Sur une même image, l’auteur de l’attaque au couteau à Mannheim et Nemo sont côte à côte. Avec ce montage — franchement mal fichu — la section jeune de l’Union démocratique du Centre (UDC) associe le terrorisme islamiste et l’artiste non-binaire ayant remporté l’Eurovision, relève «20 minutes» ce mercredi 5 juin.
Sur leur page X, les «Jung SVP Schweiz» qualifient aussi bien l’un que l’autre de «menaces contre notre liberté» qu’il s’agirait de stopper. Avec ce photomontage sur fond blanc, les Jeunes UDC ont réussi leur coup: faire parler d’eux et de leurs obsessions pour les «wokes» et l’islam.
En réponse, des dizaines de commentaires crient au «racisme», au «manque criant de sophistication» et à la «connerie» d’imaginer que l’existence de Nemo dans sa non-binarité est une atteinte aux libertés des Suisses. Cité par «20 minutes», le président de la Jeunesse socialiste Nicola Siegrist défend que «Nemo se bat pour une liberté que les Jeunes UDC rejettent».
Deuxième essai tout aussi discriminant?
Il faut dire qu’il s’agit d’une deuxième tentative. Début mai dernier, une première affiche du même genre avait été interdite de placardage à Bâle-Ville, car considérée comme discriminatoire par les autorités cantonales. À gauche, le dessin d’un homme armé d’un couteau, dont on distingue qu’il est arabe derrière sa cagoule noire.

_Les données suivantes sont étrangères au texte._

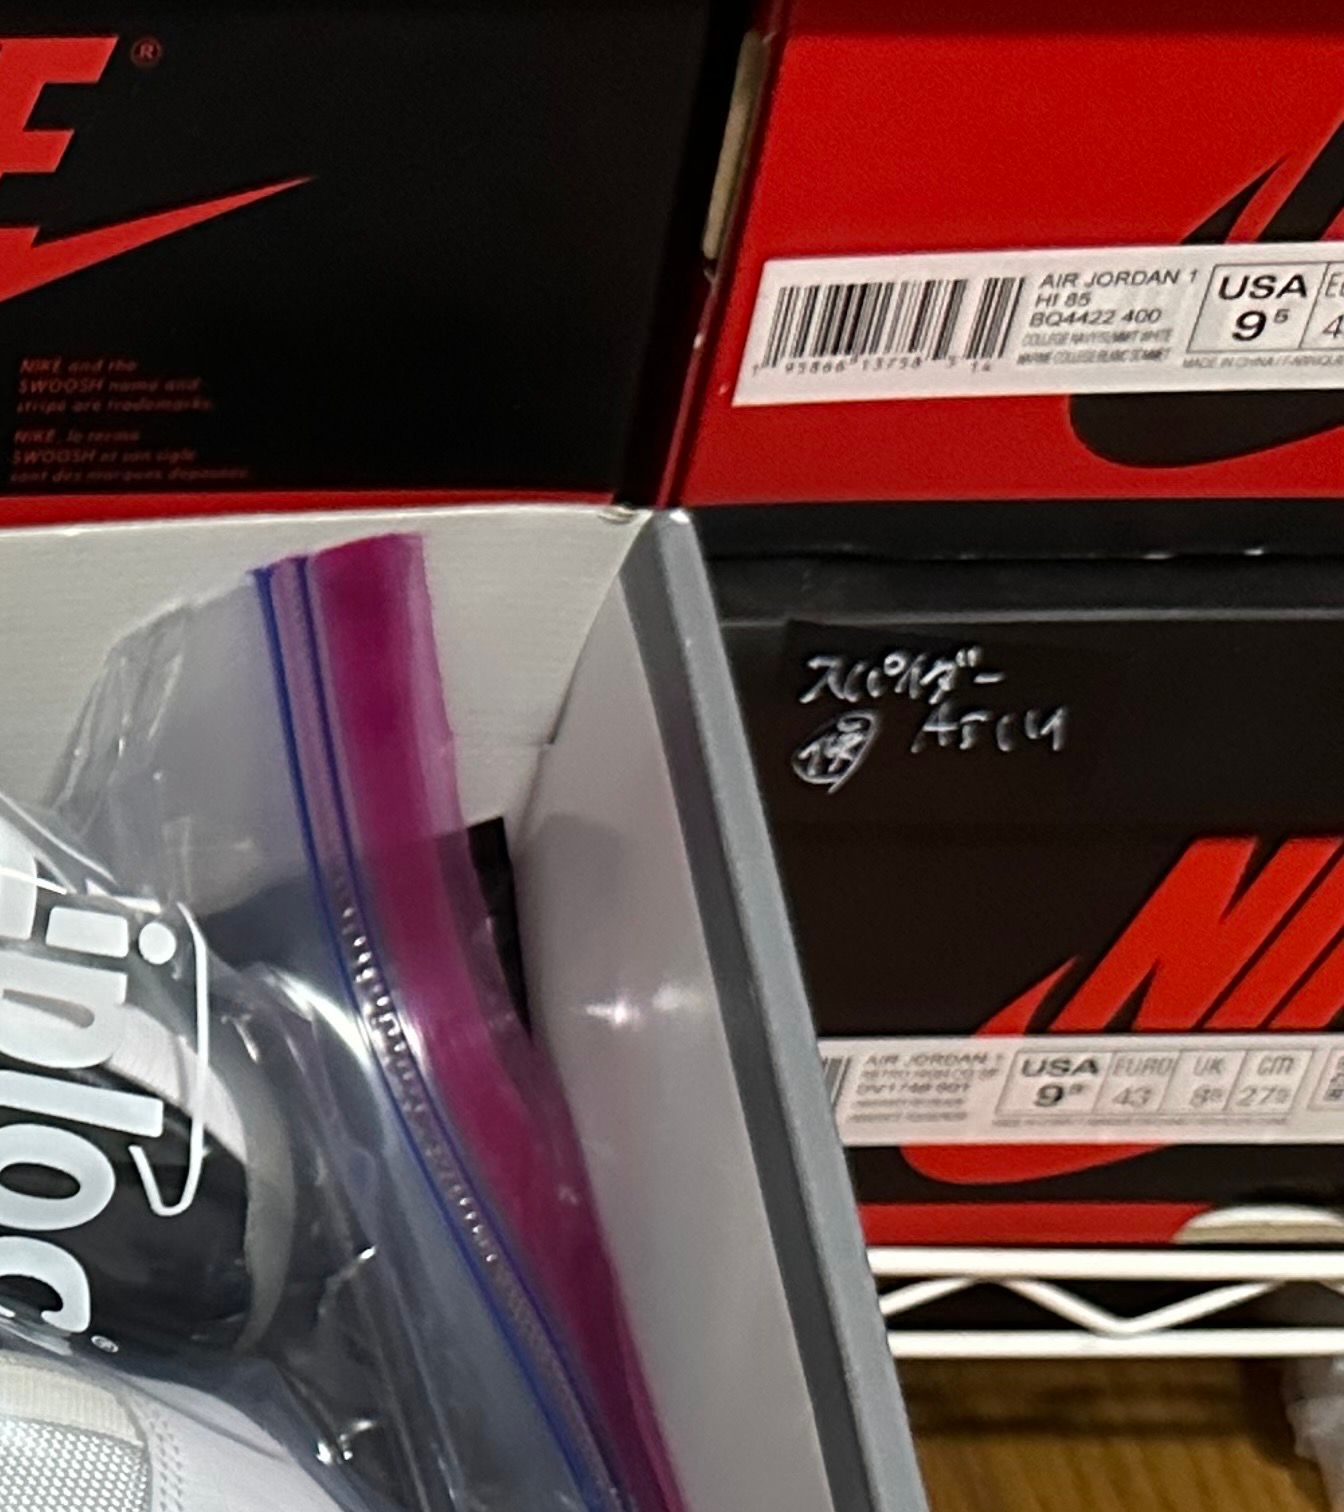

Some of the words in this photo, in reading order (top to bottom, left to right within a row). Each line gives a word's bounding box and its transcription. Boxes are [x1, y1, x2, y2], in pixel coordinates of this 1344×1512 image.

[1039, 272, 1080, 288] AIR
[1085, 268, 1181, 287] JORDAN
[1189, 269, 1198, 283] 1
[1218, 274, 1307, 300] USA
[1034, 293, 1059, 308] HI
[1065, 292, 1091, 307] 85
[1028, 311, 1116, 328] BQ4422
[1120, 308, 1163, 324] 400
[18, 378, 103, 393] SWOOSH
[11, 450, 95, 465] SWOOSH
[904, 1052, 988, 1067] JORDAN
[1020, 1057, 1101, 1077] USA
[1113, 1056, 1171, 1078] EURO
[1194, 1056, 1224, 1077] UK
[1114, 1086, 1151, 1108] 43

Et à la place de Nemo, un homme encapuchonné est vêtu d’une écharpe arc-en-ciel, prêt à taguer quelque chose à l’aide de sa bombe de peinture. Deux criminels en puissance, donc. Après l’interdiction, la section jeune du premier parti de Suisse avait alors annoncé sa volonté de porter plainte contre le canton de Bâle-Ville pour atteinte à sa liberté d’expression.
«Comme par hasard…»
À la suite des nombreuses critiques outrées, les Jeunes UDC Suisse se sont justifiés sur X le 3 juin, en campant sur leurs positions. Pour leur argumentation, ils font appel à «la réalité»: «Comme par hasard, l’auteur afghan de l’attentat ressemble presque à l’extrémiste islamiste de notre affiche. De même, la personne non-binaire à droite de l’affiche ressemble étrangement au non-binaire Nemo.»
Dans le même post, le président des Jeunes UDC Nils Fiechter éclaircit le lien Nemo-menace contre la liberté. «Prétendument apolitique, Nemo exige l’introduction d’un soi-disant 'troisième sexe'. Il exige que nous, citoyens, accordions une importance disproportionnée aux sentiments subjectifs et non scientifiques de certains et que nous niions les faits biologiques.»

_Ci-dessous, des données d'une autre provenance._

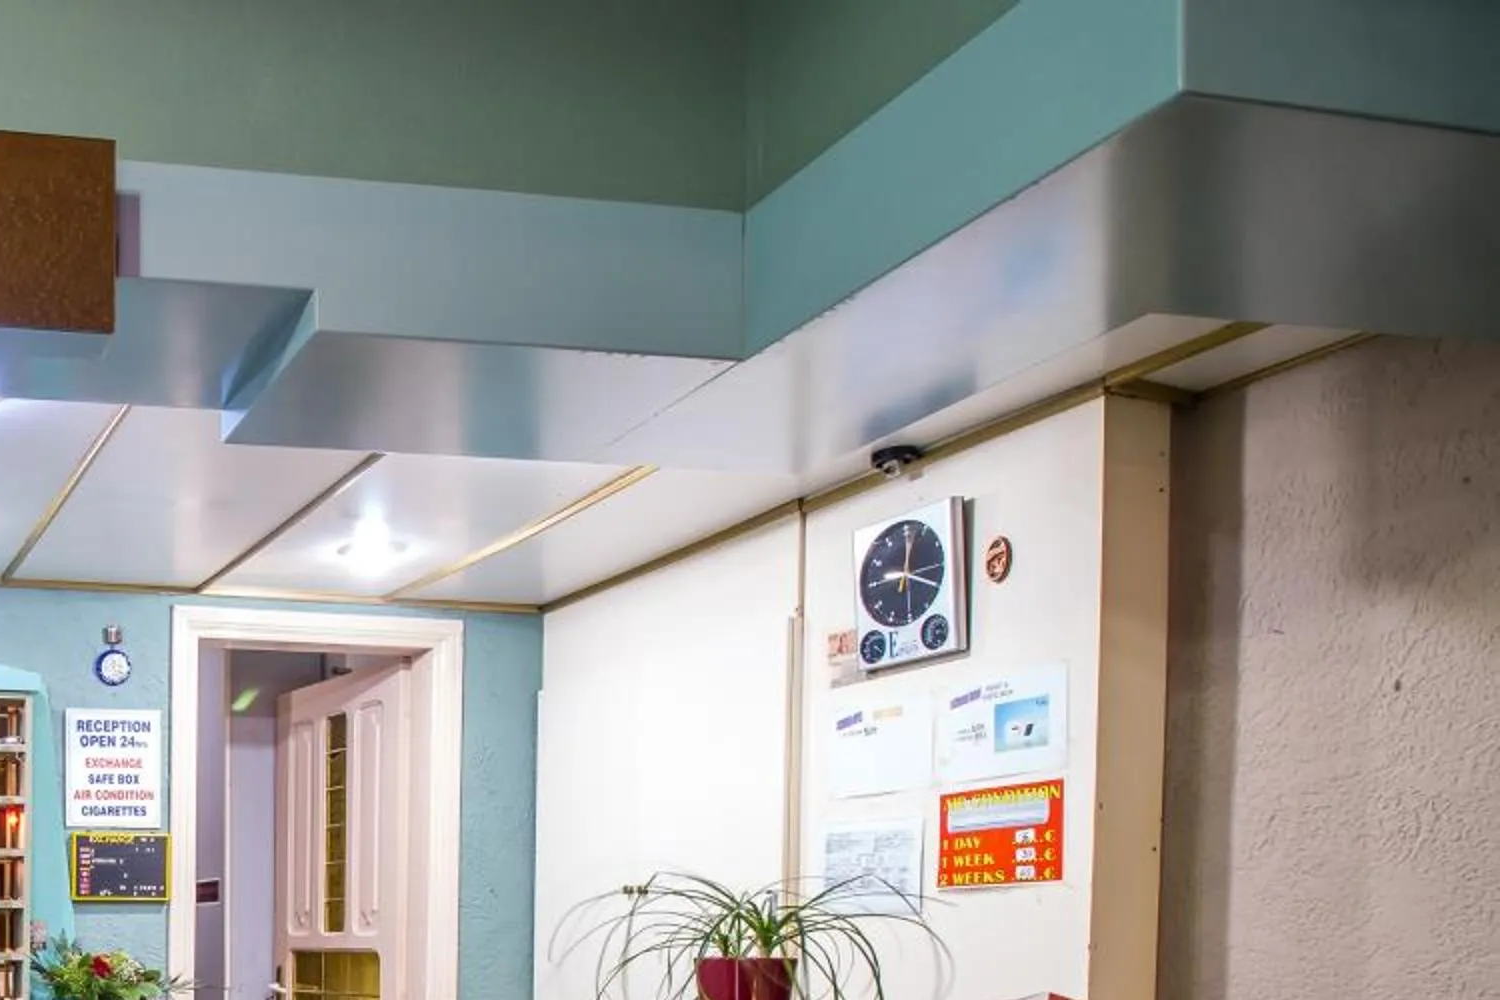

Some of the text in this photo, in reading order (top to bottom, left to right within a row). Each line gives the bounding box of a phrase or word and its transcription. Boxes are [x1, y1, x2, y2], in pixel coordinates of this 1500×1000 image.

[76, 719, 151, 733] RECEPTION
[79, 734, 117, 748] OPEN
[84, 756, 143, 769] EXCHANGE
[87, 772, 140, 785] SAFE BOX
[73, 788, 155, 801] AIR CONDITION
[80, 804, 148, 817] CIGARETTES
[953, 836, 980, 851] DAY
[952, 852, 994, 868] WEEK
[952, 868, 1005, 885] WEEKS
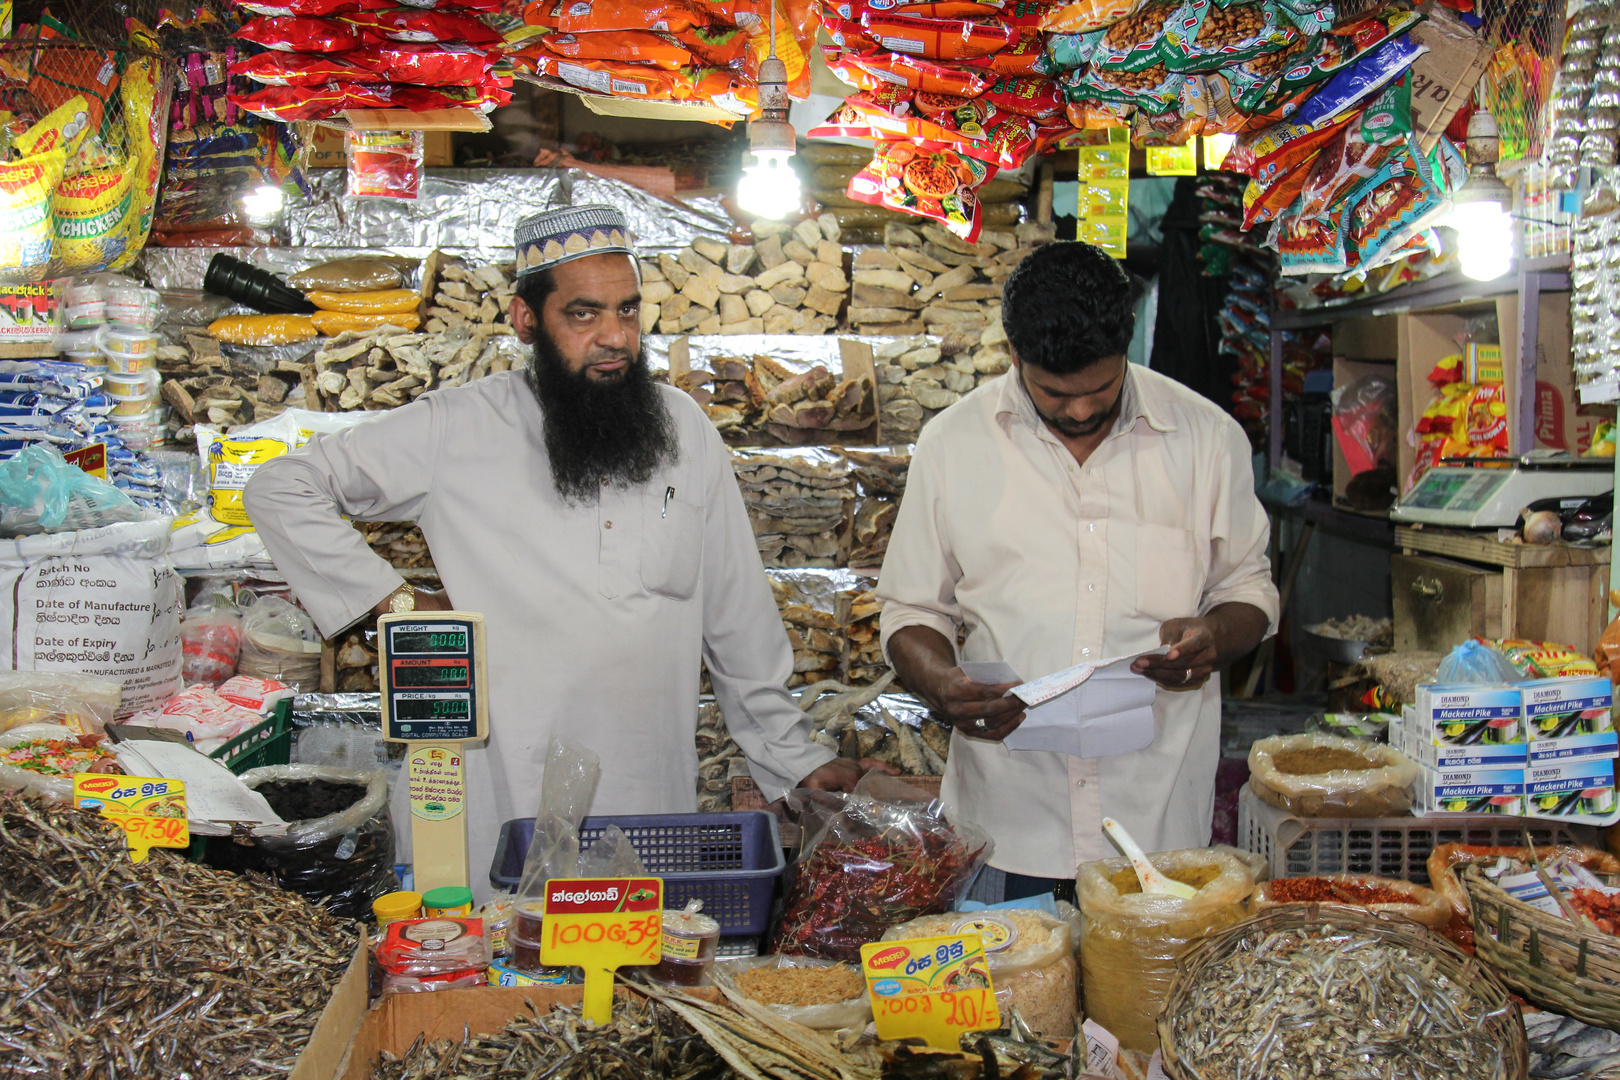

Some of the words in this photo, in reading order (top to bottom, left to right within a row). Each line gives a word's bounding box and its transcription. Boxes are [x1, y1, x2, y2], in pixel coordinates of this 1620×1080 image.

[315, 150, 333, 160] OF
[62, 174, 114, 192] Maggi
[60, 207, 123, 237] CHICKEN
[1540, 390, 1555, 440] Prima
[39, 565, 70, 577] Batch
[74, 565, 90, 573] No
[79, 578, 117, 588] අංකය
[36, 600, 65, 609] Date
[68, 600, 81, 609] of
[84, 600, 151, 612] Manufacture
[94, 614, 121, 626] දිනය
[35, 637, 64, 646] Date
[68, 638, 79, 647] of
[82, 638, 117, 650] Expiry
[113, 652, 135, 664] දිනය
[82, 668, 139, 676] NUFACTURED
[1533, 690, 1561, 698] DIAMOND
[1441, 709, 1474, 718] Mackerel
[1475, 709, 1491, 717] Pike
[1534, 702, 1566, 714] Mackerel
[1567, 701, 1583, 709] Pike
[1532, 768, 1560, 777] DIAMOND
[83, 781, 114, 789] Maggi
[111, 788, 136, 799] රස
[141, 782, 168, 797] මුසු
[1442, 787, 1475, 796] Mackerel
[1477, 786, 1493, 794] Pike
[1533, 781, 1566, 792] Mackerel
[1567, 780, 1583, 788] Pike
[552, 887, 619, 904] ක්ලෝගාඩ්
[872, 950, 906, 967] Maggi
[905, 954, 932, 975] රස
[936, 940, 964, 966] මුසු

Le président de l’UDC Vaud ne se mouille pas
Ce mercredi 5 juin, Blick a confronté le président de l’UDC Vaud, Kévin Grangier, à cette publication et aux réactions qu’elle a engendrées sur les réseaux sociaux. «Les Jeunes UDC répondent à la provocation par la provocation, se contente de commenter le membre de la direction de l’UDC Suisse. Si on le leur reproche, alors il faut le reprocher à passablement de monde.»

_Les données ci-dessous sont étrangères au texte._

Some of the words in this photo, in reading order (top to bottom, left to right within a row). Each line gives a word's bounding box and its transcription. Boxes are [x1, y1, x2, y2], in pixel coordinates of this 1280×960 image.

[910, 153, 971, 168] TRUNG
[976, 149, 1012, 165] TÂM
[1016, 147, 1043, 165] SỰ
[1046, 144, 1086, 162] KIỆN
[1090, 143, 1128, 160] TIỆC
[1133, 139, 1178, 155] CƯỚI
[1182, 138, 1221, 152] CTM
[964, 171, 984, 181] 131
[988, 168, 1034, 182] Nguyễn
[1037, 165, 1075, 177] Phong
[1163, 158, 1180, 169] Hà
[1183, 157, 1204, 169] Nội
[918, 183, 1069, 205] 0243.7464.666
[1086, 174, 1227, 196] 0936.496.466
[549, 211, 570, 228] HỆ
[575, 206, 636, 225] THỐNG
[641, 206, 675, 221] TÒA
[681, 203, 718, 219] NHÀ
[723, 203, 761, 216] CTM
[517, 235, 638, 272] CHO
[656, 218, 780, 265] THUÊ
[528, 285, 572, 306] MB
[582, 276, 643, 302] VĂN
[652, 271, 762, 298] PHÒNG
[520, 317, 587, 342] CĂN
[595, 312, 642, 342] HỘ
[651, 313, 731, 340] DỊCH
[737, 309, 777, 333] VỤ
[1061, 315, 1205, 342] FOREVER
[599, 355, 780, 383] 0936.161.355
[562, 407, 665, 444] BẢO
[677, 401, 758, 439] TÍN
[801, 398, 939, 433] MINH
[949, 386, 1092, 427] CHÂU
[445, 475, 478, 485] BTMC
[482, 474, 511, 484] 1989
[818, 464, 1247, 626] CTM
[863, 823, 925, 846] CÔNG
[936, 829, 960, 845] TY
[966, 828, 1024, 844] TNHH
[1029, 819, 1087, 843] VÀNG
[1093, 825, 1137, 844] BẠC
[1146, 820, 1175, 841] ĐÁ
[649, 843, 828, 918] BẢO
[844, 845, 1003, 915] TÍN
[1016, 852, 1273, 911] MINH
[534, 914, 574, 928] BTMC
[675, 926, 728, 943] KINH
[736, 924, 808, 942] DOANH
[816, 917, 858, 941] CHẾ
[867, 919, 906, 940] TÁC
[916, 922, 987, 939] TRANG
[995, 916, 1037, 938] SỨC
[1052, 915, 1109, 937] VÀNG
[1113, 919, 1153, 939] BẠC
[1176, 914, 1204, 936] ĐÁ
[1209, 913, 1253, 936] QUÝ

La question a été posée, mais on ne saura pas s’il condamne ou s’il cautionne le montage polémique des jeunes représentants de son parti. Ni d’ailleurs ce qu’il pense de la représentation de Nemo en ennemi de la liberté, l’associant à un criminel. Le responsable politique se distancie: «Commenter les faits et gestes des protagonistes concernés ne fait qu’alimenter ce que je dénonce. C’est donc par cohérence que j’y renonce.»
Démocratie et population prises en otage?
Mais que dénonce-t-il? Selon le politicien vaudois, «on ne débat plus, on étiquette». Il estime que «la démocratie et la population sont prises en otage par cette fuite en avant.» Traduction? Associer Nemo à la criminalité dans cette affiche serait tout aussi étiquetant que d’associer les Jeunes UDC à des mouvements d’extrême-droite. Cela dit, les liens avec les groupements tels que Junge Tat existent bel et bien et créent des tensions internes, comme le montre le cas de la responsable de la stratégie des Jeunes UDC.
Pas très fan de ces échanges de politesses sur les réseaux sociaux, Kévin Grangier continue sur sa lancée: «Plus personne ne respecte l’avis divergent et chacun s’enferme dans sa bulle idéologique, préférant se dire outré et agressé, menaçant de porter plainte pour tout, plutôt que d’argumenter et débattre.»